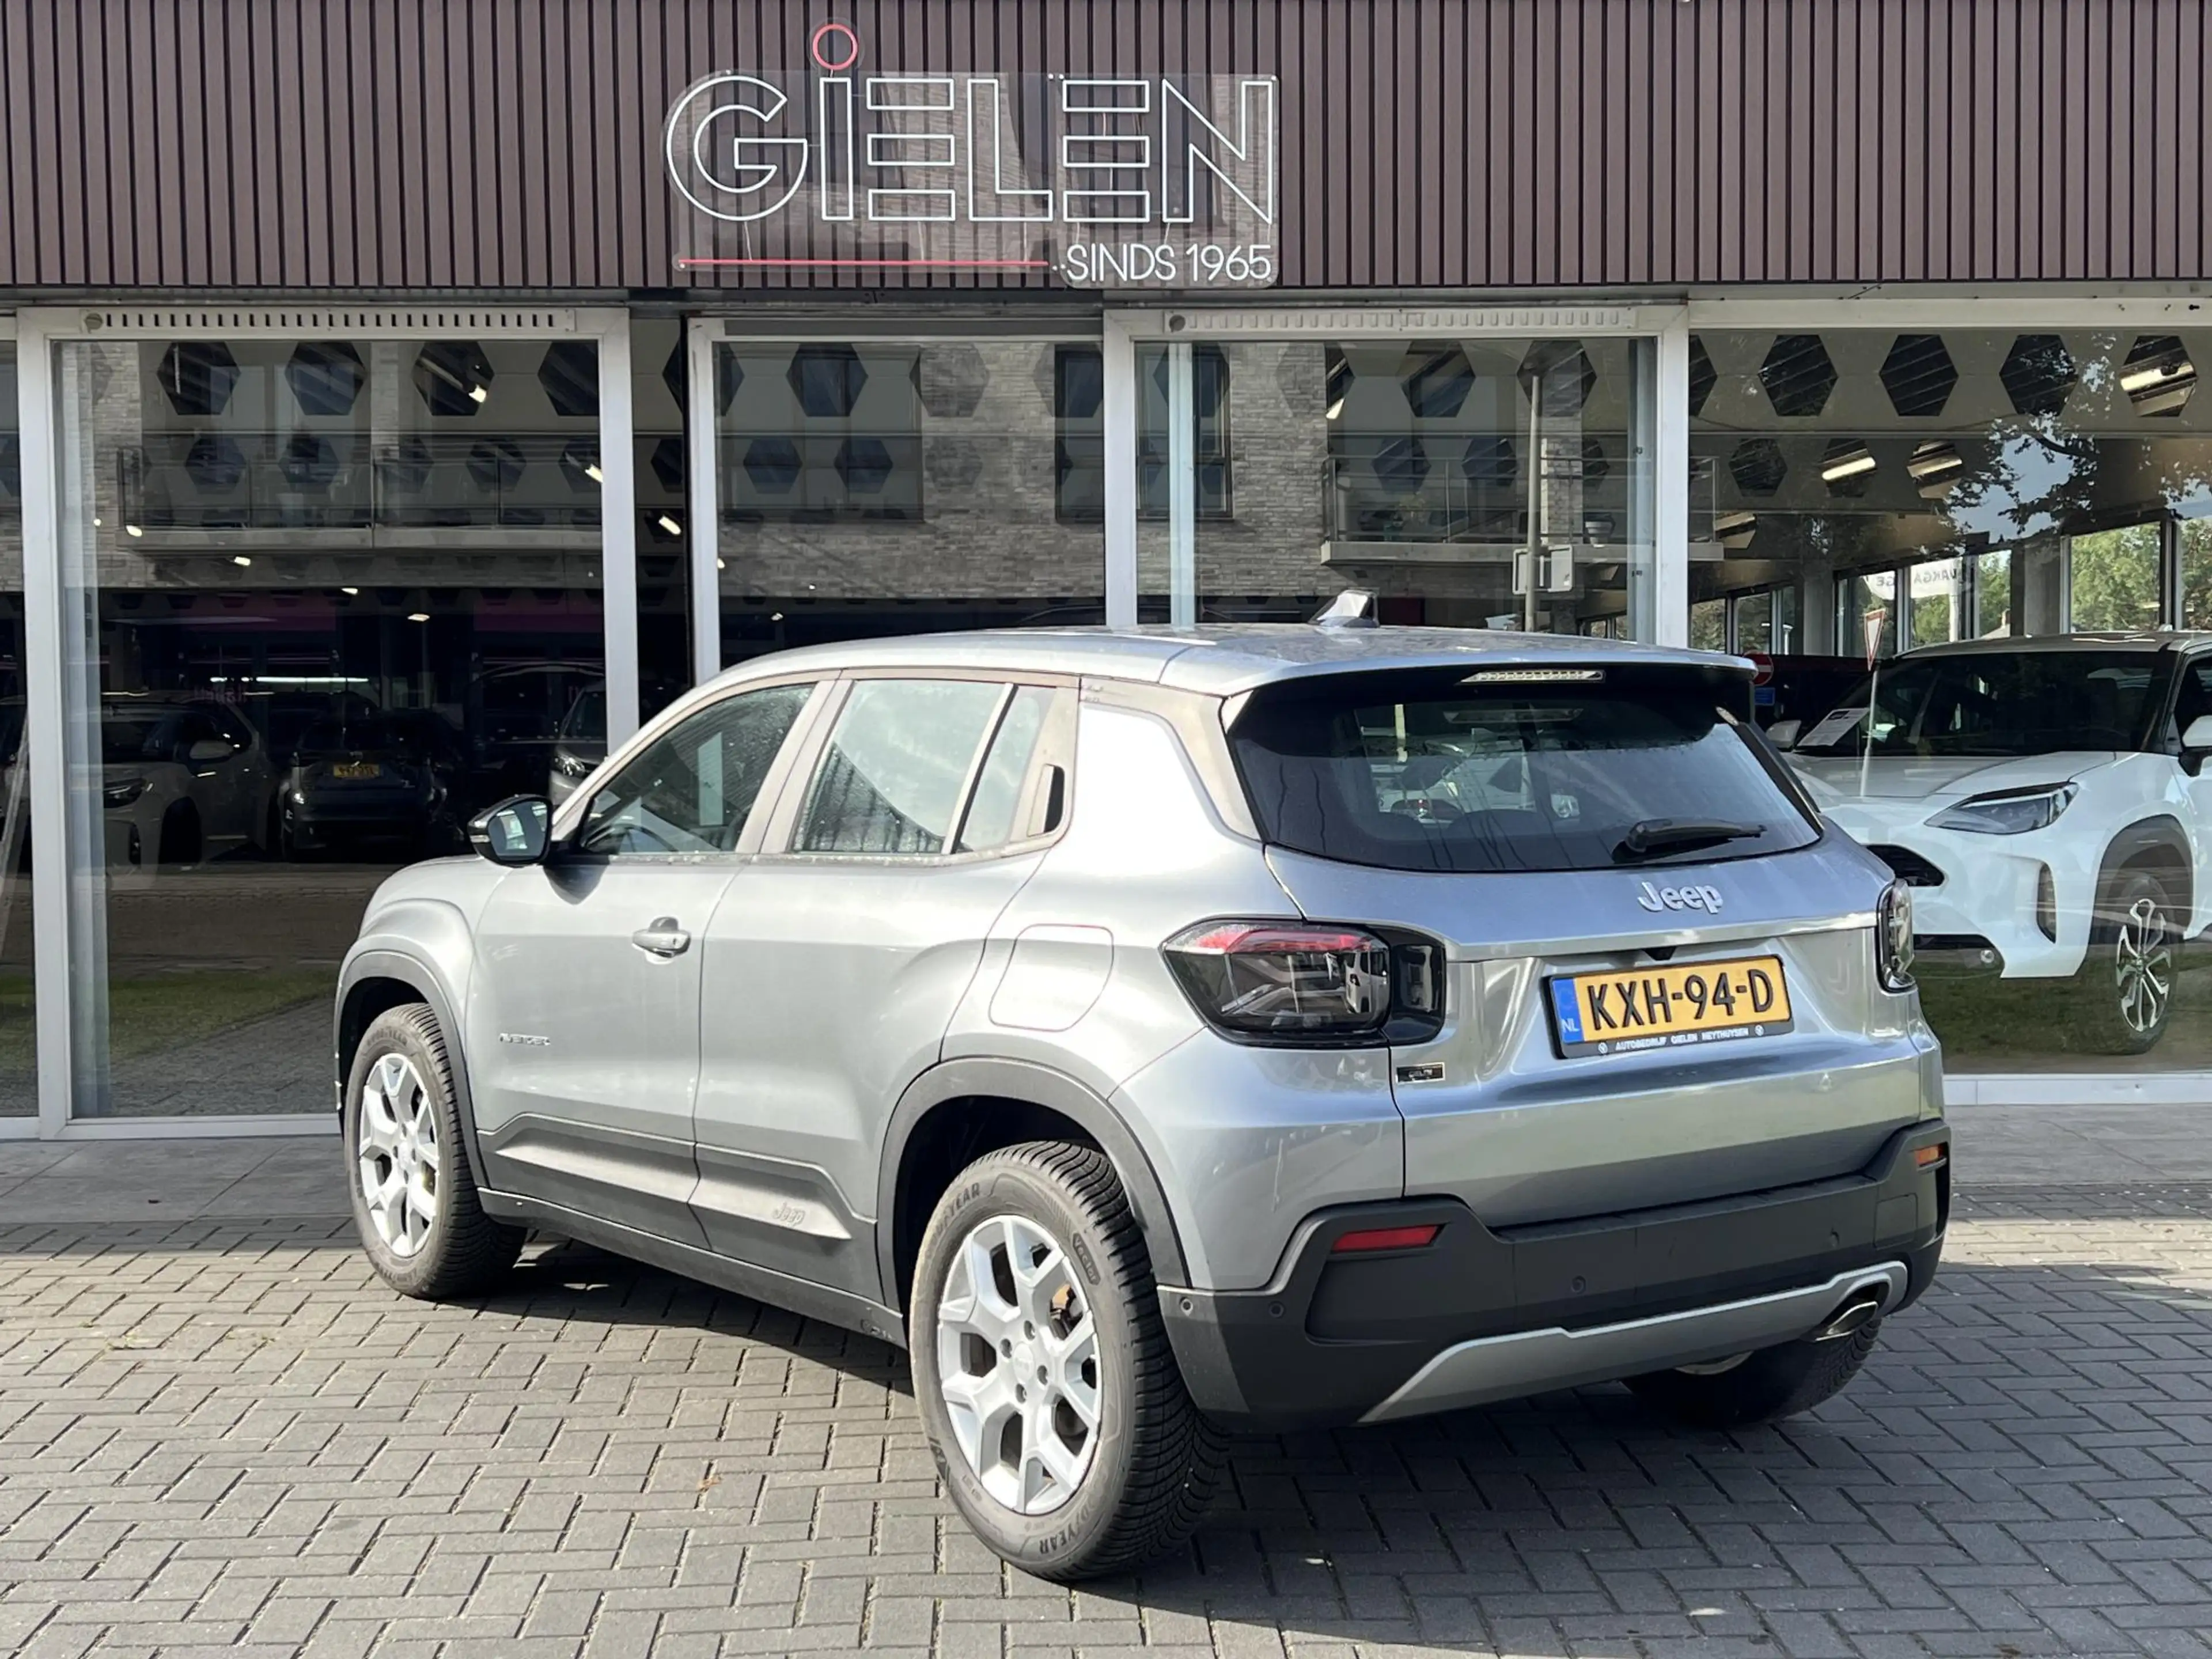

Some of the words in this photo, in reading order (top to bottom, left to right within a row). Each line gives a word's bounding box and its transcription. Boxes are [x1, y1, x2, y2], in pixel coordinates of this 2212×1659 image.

[1066, 243, 1176, 283] SINDS
[1185, 243, 1272, 282] 1965
[1637, 881, 1724, 914] Jeep
[1587, 968, 1774, 1031] KXH-94-D
[1561, 1017, 1580, 1033] NL
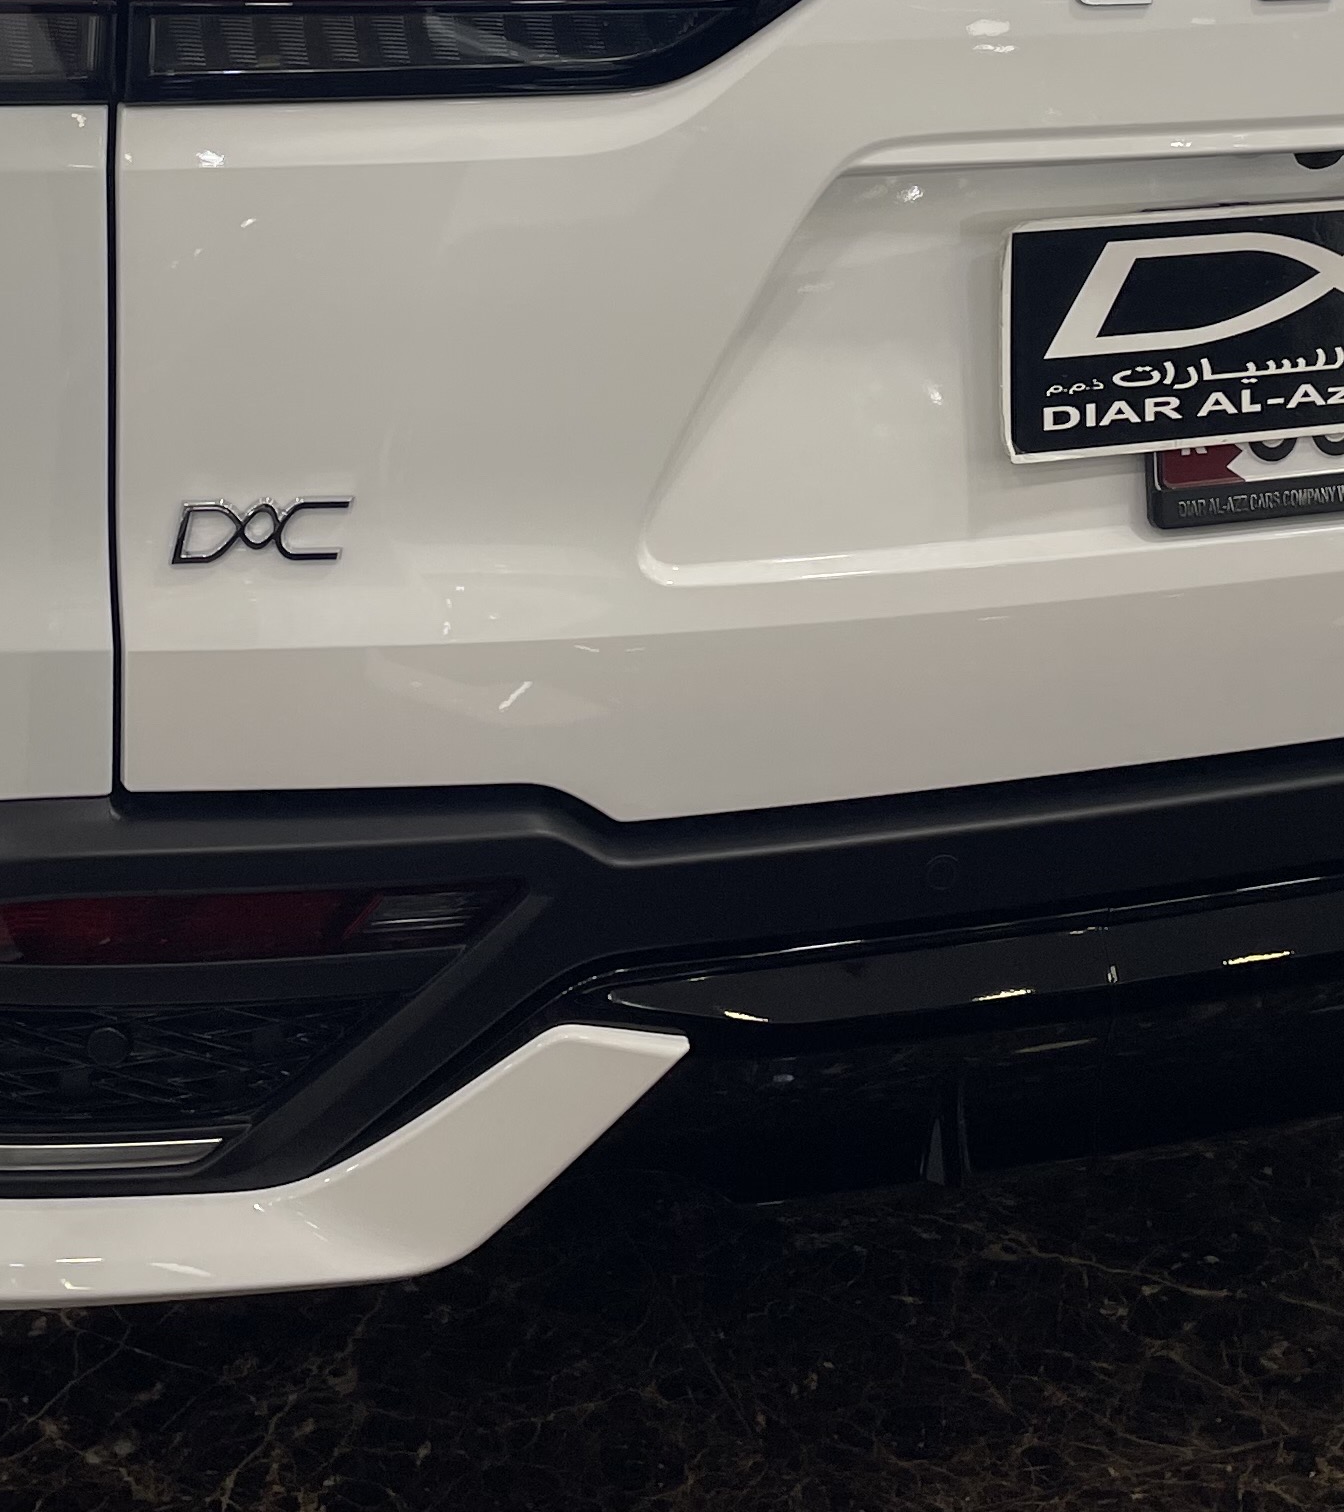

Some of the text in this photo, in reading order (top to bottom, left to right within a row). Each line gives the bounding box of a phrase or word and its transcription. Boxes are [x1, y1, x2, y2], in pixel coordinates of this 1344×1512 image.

[1043, 396, 1183, 432] DIAR
[1178, 500, 1205, 518] DIAR
[1208, 494, 1250, 514] AL-AZZ
[1250, 491, 1281, 510] CARS
[1283, 485, 1336, 507] COMPANY

---

Everything in the material goes into the copy exactly, except the images.

RESULT:
Some of the words in this photo, in reading order (top to bottom, left to right within a row). Each line gives a word's bounding box and its transcription. Boxes are [x1, y1, x2, y2], in pixel coordinates of this 2212×1659 image.

[1066, 243, 1176, 283] SINDS
[1185, 243, 1272, 282] 1965
[1637, 881, 1724, 914] Jeep
[1587, 968, 1774, 1031] KXH-94-D
[1561, 1017, 1580, 1033] NL

Some of the text in this photo, in reading order (top to bottom, left to right within a row). Each line gives the bounding box of a phrase or word and its transcription. Boxes are [x1, y1, x2, y2], in pixel coordinates of this 1344×1512 image.

[1043, 396, 1183, 432] DIAR
[1178, 500, 1205, 518] DIAR
[1208, 494, 1250, 514] AL-AZZ
[1250, 491, 1281, 510] CARS
[1283, 485, 1336, 507] COMPANY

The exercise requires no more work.